TWR reveals big plans to reimagine the Jaguar XJS
TWR will look back in its history with the Jaguar XJS for a “reimagined” sports car
After a series of teaser images, TWR has revealed its plans for an upcoming sports car and the Berkshire-based firm says its new offering will be based on a Jaguar XJS. It will be the first car that TWR has produced since it reemerged into the automotive engineering industry in 2020.
Tom Walkinshaw Racing (now rebranded to TWR) has a rich history in the motorsport world. Established in 1975, the company specialised in competition touring cars and created iconic models like the Rover Vitesse and Volvo 850 Estate. But away from the track, TWR helped develop cars like the Aston Martin DB7 and Renault Clio V6 – showcasing the firm’s breadth of ability. Arguably the most well-known work TWR did was the V12-powered Jaguar XJR that won Le Mans in 1988 and 1990.

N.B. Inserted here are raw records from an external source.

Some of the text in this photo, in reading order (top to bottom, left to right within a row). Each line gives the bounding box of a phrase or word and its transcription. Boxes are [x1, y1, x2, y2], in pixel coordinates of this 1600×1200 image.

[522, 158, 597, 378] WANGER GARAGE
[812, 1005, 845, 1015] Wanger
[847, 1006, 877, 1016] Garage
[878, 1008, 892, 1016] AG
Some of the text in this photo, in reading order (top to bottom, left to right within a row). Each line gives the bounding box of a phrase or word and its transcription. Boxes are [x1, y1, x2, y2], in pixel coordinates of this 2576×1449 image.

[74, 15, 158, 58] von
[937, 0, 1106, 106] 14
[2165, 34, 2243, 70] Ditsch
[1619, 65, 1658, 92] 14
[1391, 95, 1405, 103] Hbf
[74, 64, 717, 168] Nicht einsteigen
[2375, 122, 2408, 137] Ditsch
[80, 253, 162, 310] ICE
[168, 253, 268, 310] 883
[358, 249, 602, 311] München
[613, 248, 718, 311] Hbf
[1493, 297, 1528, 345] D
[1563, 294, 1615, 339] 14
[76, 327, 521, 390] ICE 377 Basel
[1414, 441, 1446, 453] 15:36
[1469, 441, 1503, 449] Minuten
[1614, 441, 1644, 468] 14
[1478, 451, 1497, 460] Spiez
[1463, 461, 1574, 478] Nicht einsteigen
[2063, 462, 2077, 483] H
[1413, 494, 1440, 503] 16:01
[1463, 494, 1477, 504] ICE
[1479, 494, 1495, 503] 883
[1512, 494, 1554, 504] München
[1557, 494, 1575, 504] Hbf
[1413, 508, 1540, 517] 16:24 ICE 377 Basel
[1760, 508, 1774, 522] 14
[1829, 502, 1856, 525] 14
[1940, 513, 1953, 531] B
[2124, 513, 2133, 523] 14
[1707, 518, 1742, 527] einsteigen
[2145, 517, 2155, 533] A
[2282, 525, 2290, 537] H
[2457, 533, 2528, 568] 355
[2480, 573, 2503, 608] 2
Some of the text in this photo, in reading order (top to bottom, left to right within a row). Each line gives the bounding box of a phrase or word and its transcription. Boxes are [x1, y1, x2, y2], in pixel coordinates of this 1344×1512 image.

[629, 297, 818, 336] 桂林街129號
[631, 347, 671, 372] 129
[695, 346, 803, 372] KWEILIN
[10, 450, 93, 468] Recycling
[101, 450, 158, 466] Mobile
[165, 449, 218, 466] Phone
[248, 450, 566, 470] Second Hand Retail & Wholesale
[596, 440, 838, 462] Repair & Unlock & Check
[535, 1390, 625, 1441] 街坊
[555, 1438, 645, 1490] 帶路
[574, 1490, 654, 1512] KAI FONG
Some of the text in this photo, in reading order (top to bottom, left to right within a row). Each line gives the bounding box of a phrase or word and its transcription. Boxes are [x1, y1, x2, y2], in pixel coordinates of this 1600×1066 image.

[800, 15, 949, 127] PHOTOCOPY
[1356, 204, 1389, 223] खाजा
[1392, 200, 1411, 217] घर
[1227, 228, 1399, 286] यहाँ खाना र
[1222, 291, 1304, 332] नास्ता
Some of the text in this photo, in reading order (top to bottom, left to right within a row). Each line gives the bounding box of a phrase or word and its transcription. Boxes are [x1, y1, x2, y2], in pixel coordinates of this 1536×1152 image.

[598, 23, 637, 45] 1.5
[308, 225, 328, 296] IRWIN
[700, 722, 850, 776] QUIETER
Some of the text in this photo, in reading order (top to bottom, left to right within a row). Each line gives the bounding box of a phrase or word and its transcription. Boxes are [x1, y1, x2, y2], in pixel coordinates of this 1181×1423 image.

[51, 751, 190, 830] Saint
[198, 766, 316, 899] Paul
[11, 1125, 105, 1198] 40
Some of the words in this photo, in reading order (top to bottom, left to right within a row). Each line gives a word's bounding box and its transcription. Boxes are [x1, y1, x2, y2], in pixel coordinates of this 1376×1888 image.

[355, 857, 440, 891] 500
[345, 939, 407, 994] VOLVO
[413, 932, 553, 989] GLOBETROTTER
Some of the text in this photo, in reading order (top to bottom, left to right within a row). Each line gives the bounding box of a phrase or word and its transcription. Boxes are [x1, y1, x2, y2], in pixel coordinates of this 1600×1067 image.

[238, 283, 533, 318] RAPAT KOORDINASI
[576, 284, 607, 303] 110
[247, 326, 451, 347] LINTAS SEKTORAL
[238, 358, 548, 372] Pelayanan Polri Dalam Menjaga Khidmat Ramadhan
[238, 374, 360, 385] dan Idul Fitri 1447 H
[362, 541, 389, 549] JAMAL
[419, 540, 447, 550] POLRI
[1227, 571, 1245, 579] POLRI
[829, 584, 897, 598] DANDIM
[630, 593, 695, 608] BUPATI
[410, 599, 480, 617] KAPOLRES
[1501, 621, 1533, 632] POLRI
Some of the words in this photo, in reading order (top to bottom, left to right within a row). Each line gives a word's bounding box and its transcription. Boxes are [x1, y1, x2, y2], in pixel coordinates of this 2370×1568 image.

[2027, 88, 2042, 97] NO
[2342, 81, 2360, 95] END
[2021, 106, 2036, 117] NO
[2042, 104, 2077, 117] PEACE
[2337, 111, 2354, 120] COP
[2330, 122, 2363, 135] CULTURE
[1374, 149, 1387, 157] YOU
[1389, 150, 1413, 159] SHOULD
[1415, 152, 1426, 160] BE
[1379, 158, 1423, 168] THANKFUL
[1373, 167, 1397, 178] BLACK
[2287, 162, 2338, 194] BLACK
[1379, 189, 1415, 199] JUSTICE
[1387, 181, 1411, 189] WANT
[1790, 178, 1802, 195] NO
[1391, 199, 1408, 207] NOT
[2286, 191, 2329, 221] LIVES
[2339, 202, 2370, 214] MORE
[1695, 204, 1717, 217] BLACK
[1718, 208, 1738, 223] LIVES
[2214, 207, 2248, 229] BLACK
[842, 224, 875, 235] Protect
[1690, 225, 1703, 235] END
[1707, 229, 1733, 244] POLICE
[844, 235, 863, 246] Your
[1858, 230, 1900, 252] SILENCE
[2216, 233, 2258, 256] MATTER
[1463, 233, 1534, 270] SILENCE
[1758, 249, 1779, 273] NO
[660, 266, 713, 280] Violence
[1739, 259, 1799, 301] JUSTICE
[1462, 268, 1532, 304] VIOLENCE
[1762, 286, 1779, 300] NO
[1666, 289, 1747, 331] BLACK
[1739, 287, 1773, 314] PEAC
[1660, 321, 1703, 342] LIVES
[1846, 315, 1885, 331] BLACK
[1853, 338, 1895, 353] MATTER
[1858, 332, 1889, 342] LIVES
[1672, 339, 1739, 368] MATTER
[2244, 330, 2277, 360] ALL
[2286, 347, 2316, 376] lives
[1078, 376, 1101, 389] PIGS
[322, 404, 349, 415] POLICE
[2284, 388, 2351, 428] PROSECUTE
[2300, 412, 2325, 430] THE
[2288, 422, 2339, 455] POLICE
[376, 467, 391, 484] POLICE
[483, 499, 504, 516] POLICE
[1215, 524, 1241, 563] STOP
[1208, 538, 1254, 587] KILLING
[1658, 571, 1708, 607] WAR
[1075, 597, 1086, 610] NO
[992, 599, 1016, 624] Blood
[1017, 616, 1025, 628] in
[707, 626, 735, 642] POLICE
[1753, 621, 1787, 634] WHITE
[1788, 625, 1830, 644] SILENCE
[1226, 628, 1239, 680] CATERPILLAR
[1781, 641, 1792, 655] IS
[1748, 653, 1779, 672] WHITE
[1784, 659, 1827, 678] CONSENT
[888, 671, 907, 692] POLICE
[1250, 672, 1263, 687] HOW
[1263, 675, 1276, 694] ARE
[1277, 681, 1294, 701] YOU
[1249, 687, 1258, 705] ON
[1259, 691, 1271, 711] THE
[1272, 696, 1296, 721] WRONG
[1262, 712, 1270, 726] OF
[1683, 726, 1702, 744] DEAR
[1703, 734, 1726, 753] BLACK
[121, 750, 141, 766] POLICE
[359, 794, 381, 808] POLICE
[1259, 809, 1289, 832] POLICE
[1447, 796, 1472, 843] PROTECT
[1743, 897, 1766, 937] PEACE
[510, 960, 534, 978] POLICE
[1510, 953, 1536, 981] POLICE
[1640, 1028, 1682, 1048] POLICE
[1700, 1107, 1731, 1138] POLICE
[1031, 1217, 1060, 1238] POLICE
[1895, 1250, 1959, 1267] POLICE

The firm’s successful relationship with Jaguar began with the XJS, culminating in the car winning the European Touring Car Championship in 1984. TWR is now a separate entity to the original Tom Walkinshaw Racing, but the firm stresses it will share “much of the DNA and spirit that helped the original TWR brand to become a world leader in performance and motorsport engineering.”
TWR has picked the XJS to be the basis of its new project but has brought in help from Magnus Walker and car designer Khyzyl Saleem to reimagine the car and bring it “into the 21st century”.
Details on the new XJS will be revealed in early 2024, but Walker has hinted at what we can expect: “I remember talking to Ian Callum about how I wanted to do an outlaw version of an XJS, kind of similar to what Jaguar Classic did with Nicko McBrain’s XJC.” That XJC was revealed in Geneva in 2018 and was based on a 1984 XJ6 Series 3, featuring bigger wheels, flared arches, new bumpers front and rear and LED headlights for a retro-modern look.
Unlike Iron Maiden drummer McBrain’s XJC (which came with a straight-six), the TWR XJS famously came with a 5.3-litre V12 - which we expect will feature on TWR’s new project. Don’t expect the car to be some stripped-out racer however. Walker added: “Our XJS has to be drivable in real world situations. From idle to throttle transition, when it’s stuck on the freeway in bumper-to-bumper traffic. I’m about drivability, usability, and practicality.”
Fergus Walkinshaw previously spoke on the upcoming project, stating: “High-performance engineering runs in the blood of the Walkinshaw family, and ever since the original TWR closed its doors I have longed to find a way to continue the family legacy.”